About this exercise
Print the whole listing exactly as it appears, but skip the pictures.

Raw data
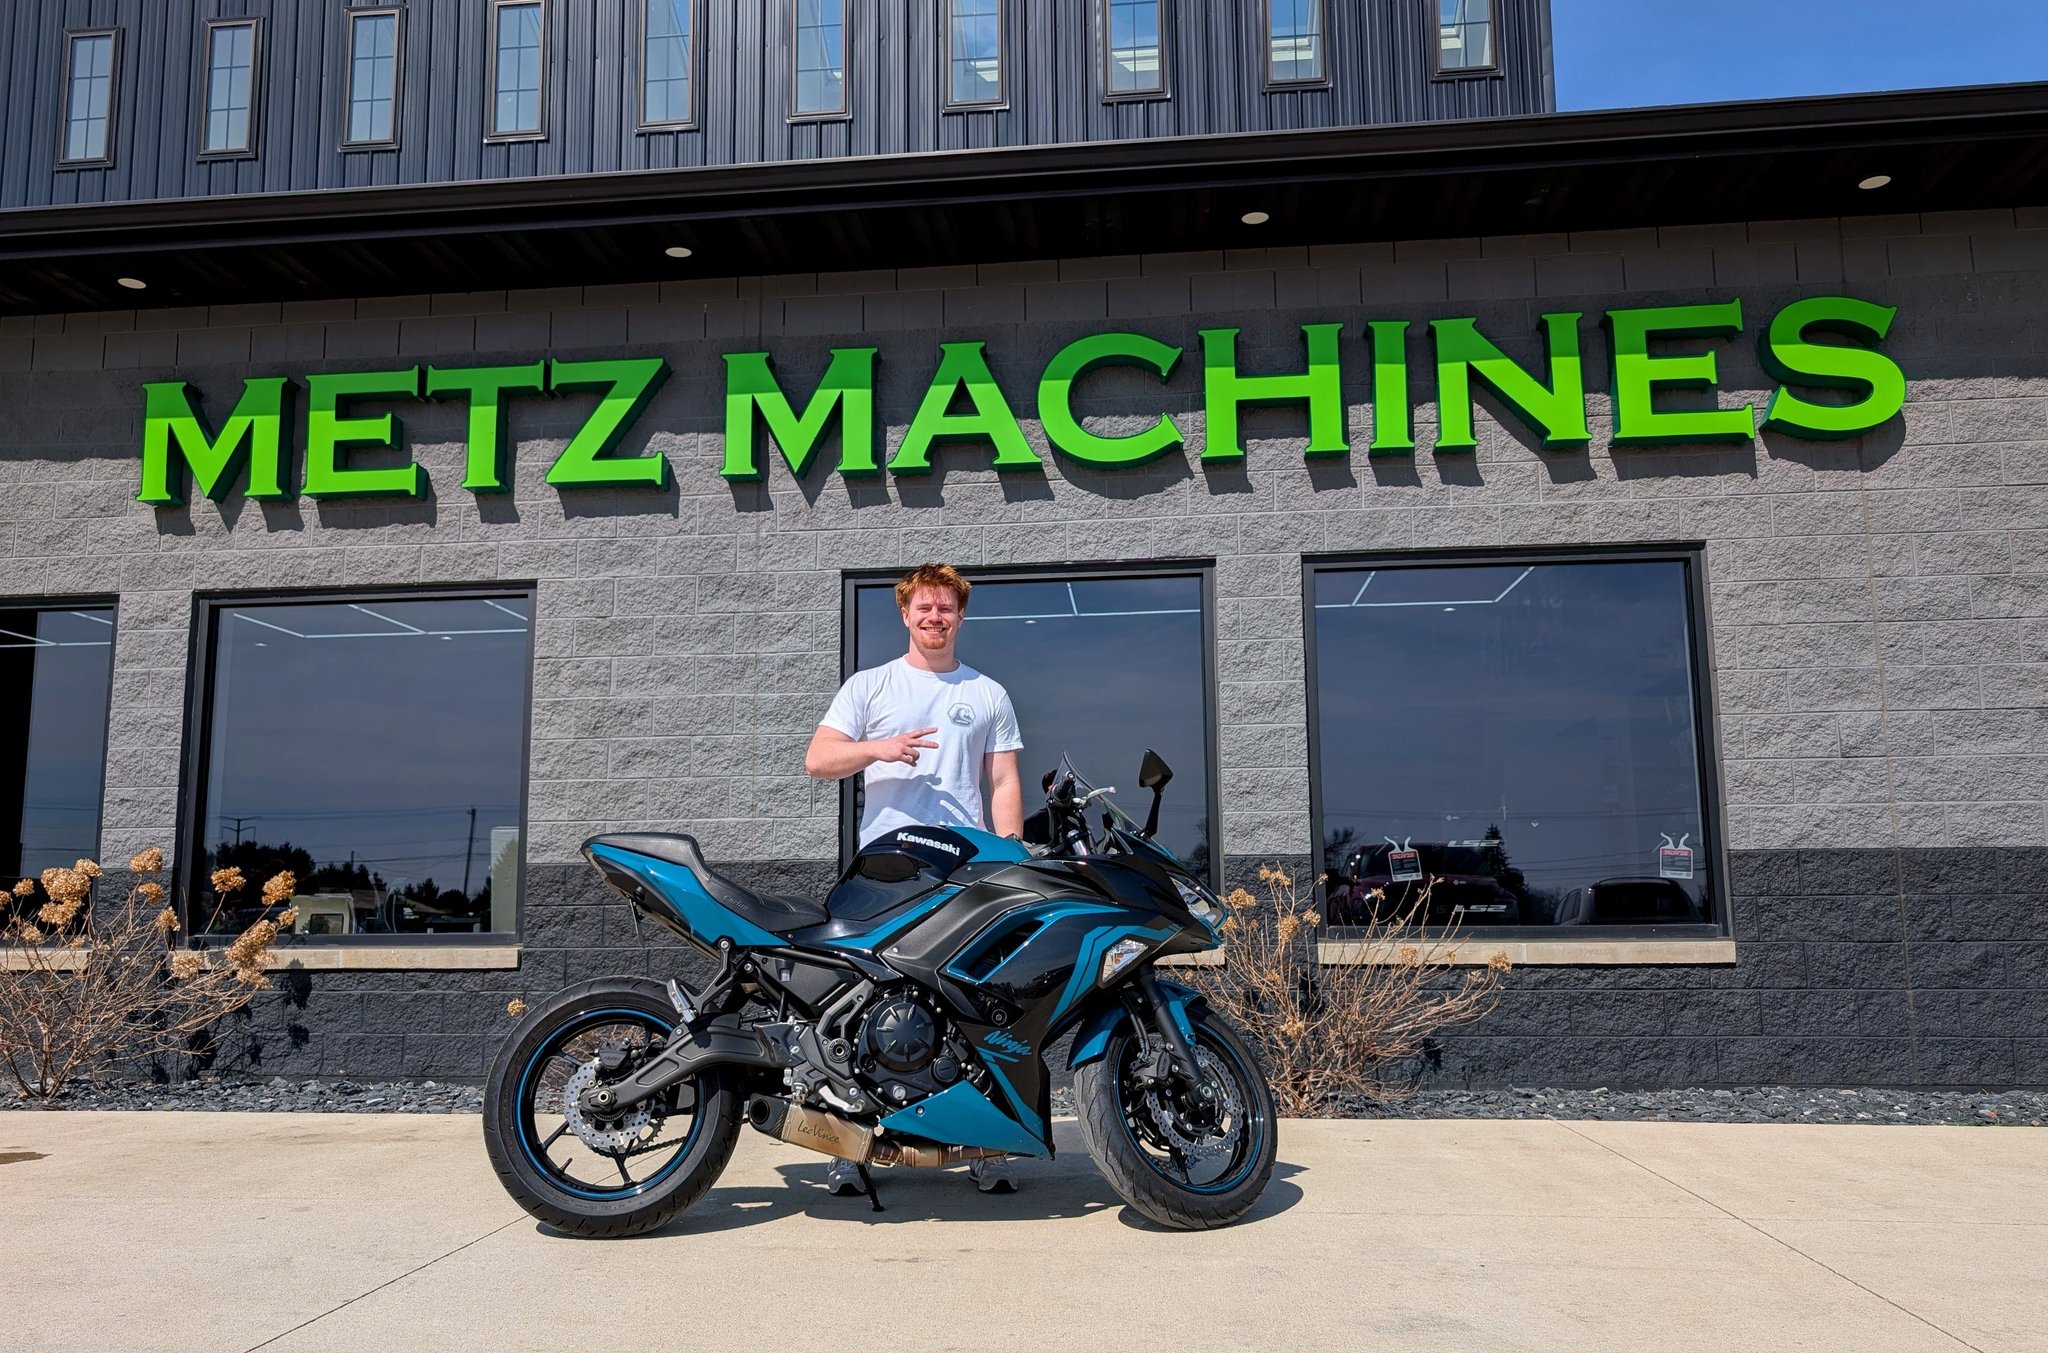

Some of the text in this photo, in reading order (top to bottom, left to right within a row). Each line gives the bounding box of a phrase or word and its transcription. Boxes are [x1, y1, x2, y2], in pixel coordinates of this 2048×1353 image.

[136, 297, 1908, 503] METZ MACHINES
[897, 832, 960, 856] Kawasaki
[984, 1030, 1032, 1055] Ninja
[797, 1119, 840, 1144] LeoVince
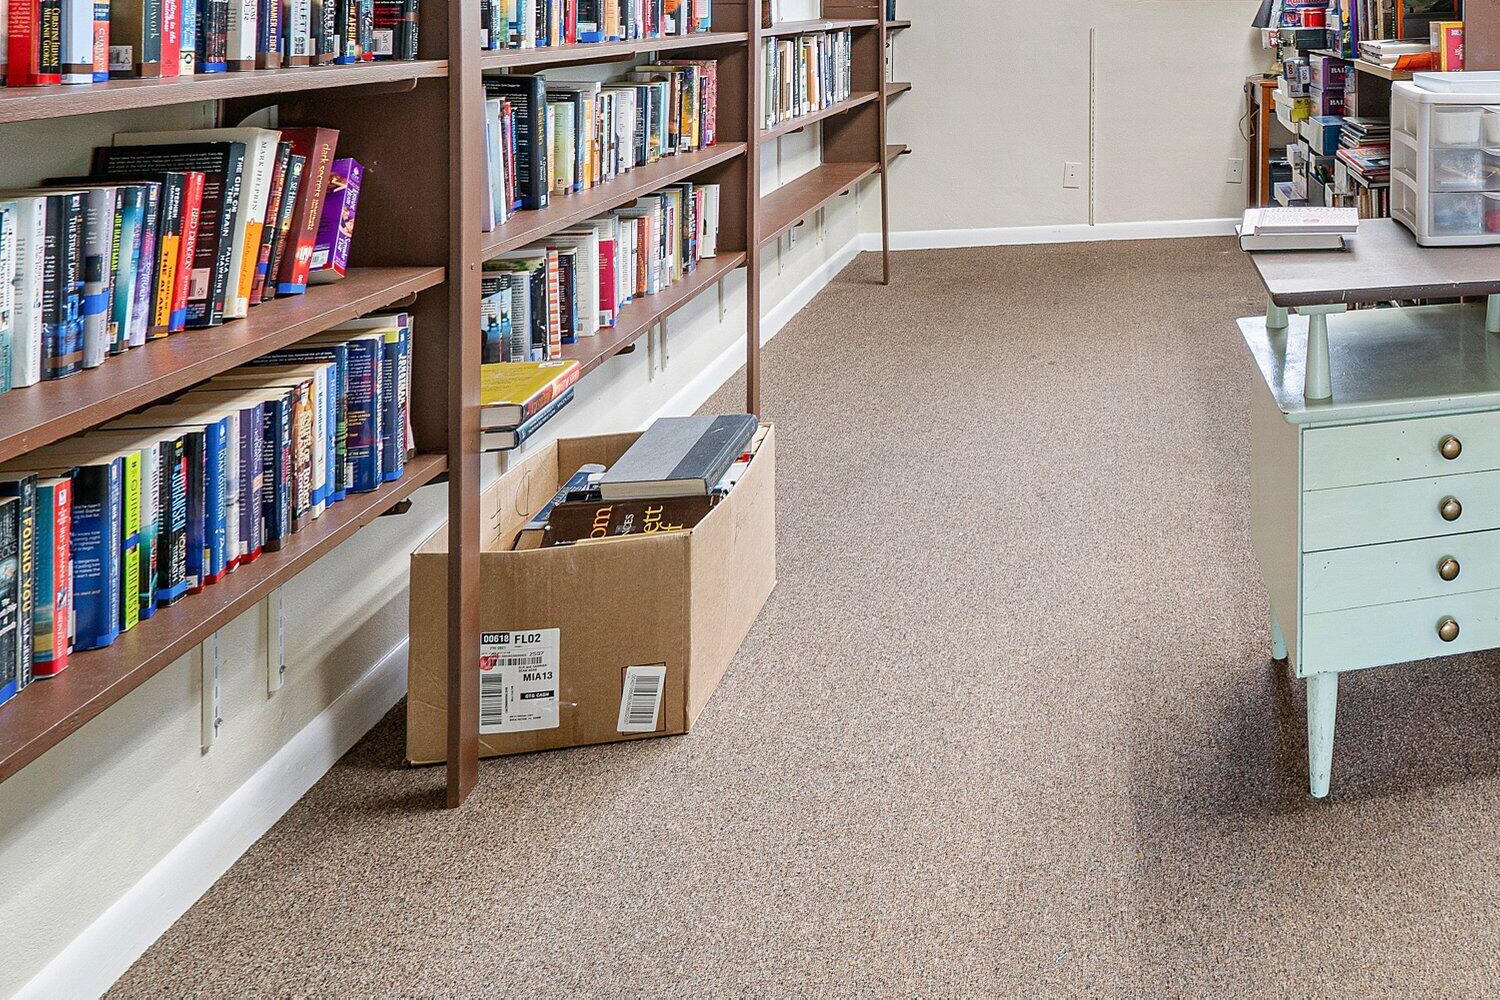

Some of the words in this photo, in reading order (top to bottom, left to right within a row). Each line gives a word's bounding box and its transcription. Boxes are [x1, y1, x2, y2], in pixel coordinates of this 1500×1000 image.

[258, 141, 268, 166] MARK
[191, 207, 199, 225] RED
[223, 205, 232, 237] TRAIN
[110, 227, 122, 271] HALDEMAN
[185, 228, 198, 271] DRAGON
[216, 255, 225, 294] HAWKINS
[171, 466, 187, 533] JOHANSEN
[21, 518, 32, 574] FOUND
[21, 581, 31, 613] YOU
[483, 634, 509, 643] 00618
[514, 634, 541, 644] FL02
[523, 671, 553, 682] MIA13
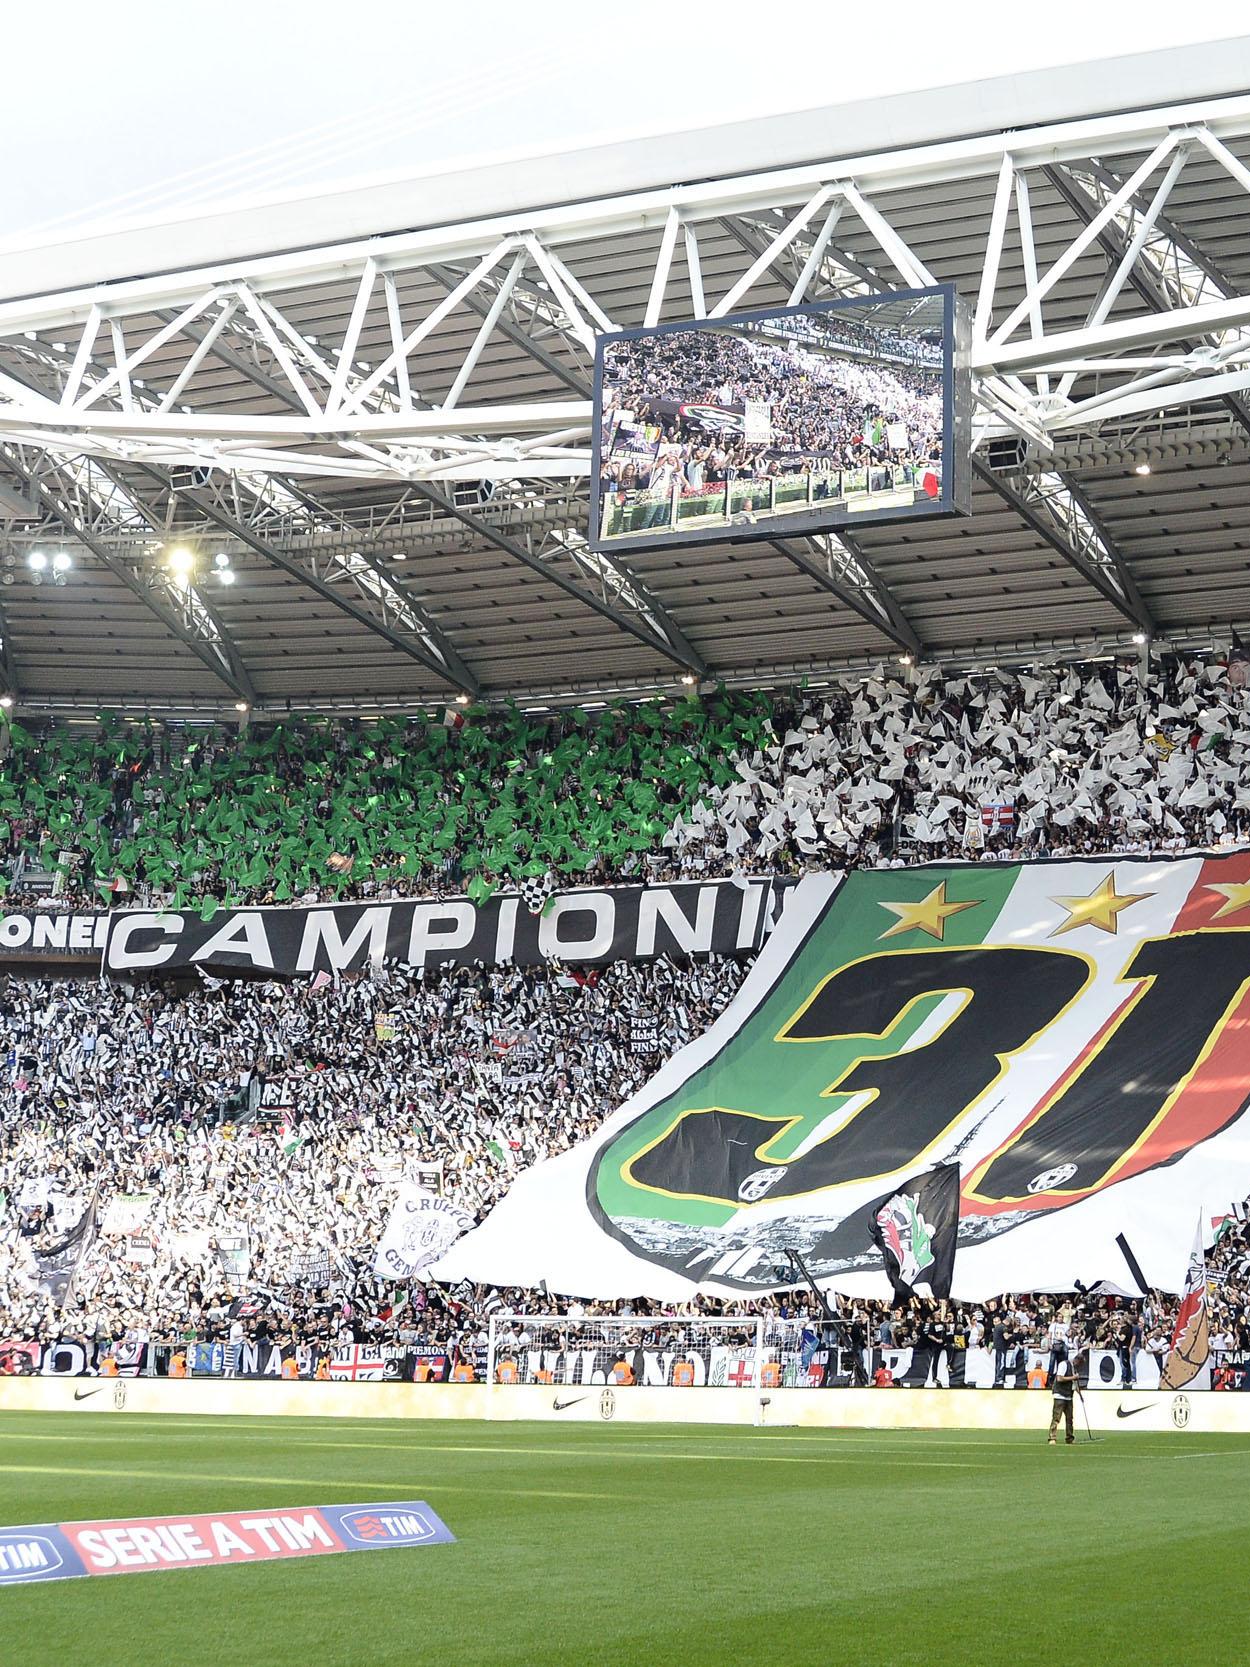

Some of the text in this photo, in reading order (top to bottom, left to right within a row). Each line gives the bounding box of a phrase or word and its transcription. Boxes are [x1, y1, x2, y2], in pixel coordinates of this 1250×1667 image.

[108, 884, 764, 970] CAMPIONI
[77, 1514, 334, 1568] SERIE A TIM
[381, 1515, 425, 1537] TIM

Response to the exercise
Some of the text in this photo, in reading order (top to bottom, left to right within a row). Each line gives the bounding box of a phrase or word and its transcription. Boxes are [x1, y1, x2, y2], in pixel coordinates of this 2048×1353 image.

[136, 297, 1908, 503] METZ MACHINES
[897, 832, 960, 856] Kawasaki
[984, 1030, 1032, 1055] Ninja
[797, 1119, 840, 1144] LeoVince

Some of the words in this photo, in reading order (top to bottom, left to right within a row). Each line gives a word's bounding box and its transcription. Boxes are [x1, y1, x2, y2], in pixel coordinates of this 1500×1000 image.

[258, 141, 268, 166] MARK
[191, 207, 199, 225] RED
[223, 205, 232, 237] TRAIN
[110, 227, 122, 271] HALDEMAN
[185, 228, 198, 271] DRAGON
[216, 255, 225, 294] HAWKINS
[171, 466, 187, 533] JOHANSEN
[21, 518, 32, 574] FOUND
[21, 581, 31, 613] YOU
[483, 634, 509, 643] 00618
[514, 634, 541, 644] FL02
[523, 671, 553, 682] MIA13

Some of the text in this photo, in reading order (top to bottom, left to right within a row). Each line gives the bounding box of a phrase or word and its transcription. Boxes are [x1, y1, x2, y2], in pixel coordinates of this 1250×1667 image.

[108, 884, 764, 970] CAMPIONI
[77, 1514, 334, 1568] SERIE A TIM
[381, 1515, 425, 1537] TIM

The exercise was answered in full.